Repeat the lines from the line with "this 1280×1884 image." to the line with "this 2000×1331 image." in the listing below, keeping both end lines and adding nothing.

§ **Records shown**:
--------

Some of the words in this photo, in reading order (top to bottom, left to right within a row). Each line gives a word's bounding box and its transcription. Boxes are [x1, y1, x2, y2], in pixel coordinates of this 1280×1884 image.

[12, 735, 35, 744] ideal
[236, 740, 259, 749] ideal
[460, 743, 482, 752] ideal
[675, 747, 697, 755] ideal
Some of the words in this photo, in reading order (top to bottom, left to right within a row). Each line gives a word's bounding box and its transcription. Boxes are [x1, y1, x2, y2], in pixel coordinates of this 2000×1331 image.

--------

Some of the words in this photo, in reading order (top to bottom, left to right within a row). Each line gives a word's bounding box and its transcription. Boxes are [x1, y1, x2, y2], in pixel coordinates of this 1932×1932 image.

--------

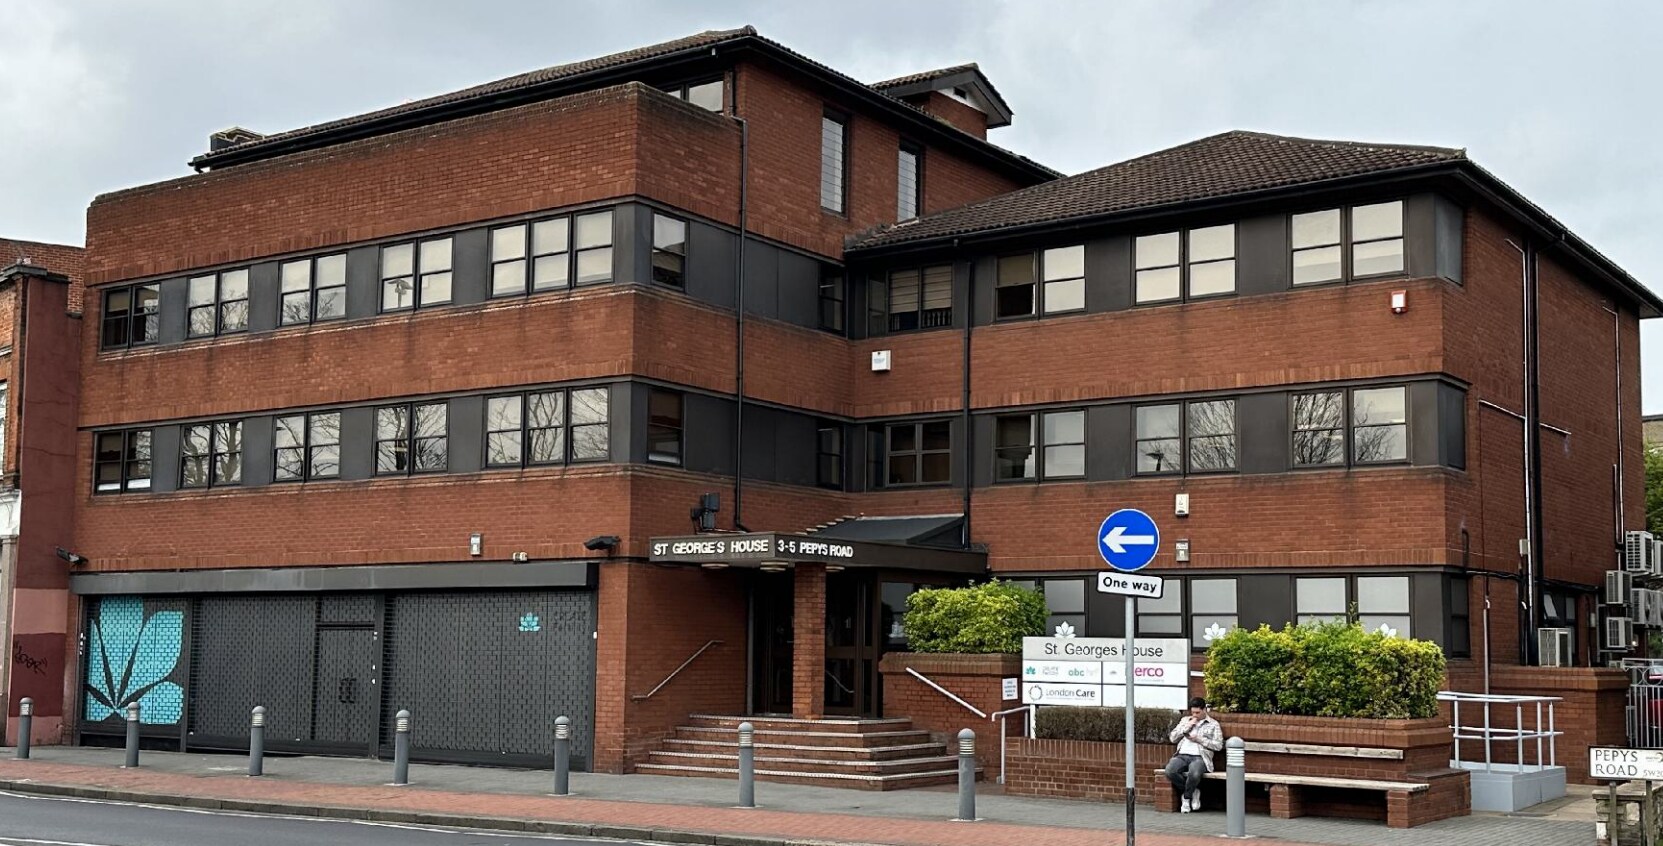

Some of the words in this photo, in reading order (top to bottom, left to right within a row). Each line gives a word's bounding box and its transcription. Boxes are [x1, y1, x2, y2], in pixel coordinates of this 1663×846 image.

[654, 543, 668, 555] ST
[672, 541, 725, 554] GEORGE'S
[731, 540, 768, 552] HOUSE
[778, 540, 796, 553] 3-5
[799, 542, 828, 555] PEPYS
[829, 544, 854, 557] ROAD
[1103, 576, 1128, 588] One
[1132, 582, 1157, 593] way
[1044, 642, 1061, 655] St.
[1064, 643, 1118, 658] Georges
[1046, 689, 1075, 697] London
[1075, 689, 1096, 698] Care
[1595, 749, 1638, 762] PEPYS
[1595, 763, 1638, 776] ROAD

--------

§ **Response area**:
Some of the words in this photo, in reading order (top to bottom, left to right within a row). Each line gives a word's bounding box and its transcription. Boxes are [x1, y1, x2, y2], in pixel coordinates of this 1280×1884 image.

[12, 735, 35, 744] ideal
[236, 740, 259, 749] ideal
[460, 743, 482, 752] ideal
[675, 747, 697, 755] ideal
Some of the words in this photo, in reading order (top to bottom, left to right within a row). Each line gives a word's bounding box and its transcription. Boxes are [x1, y1, x2, y2], in pixel coordinates of this 2000×1331 image.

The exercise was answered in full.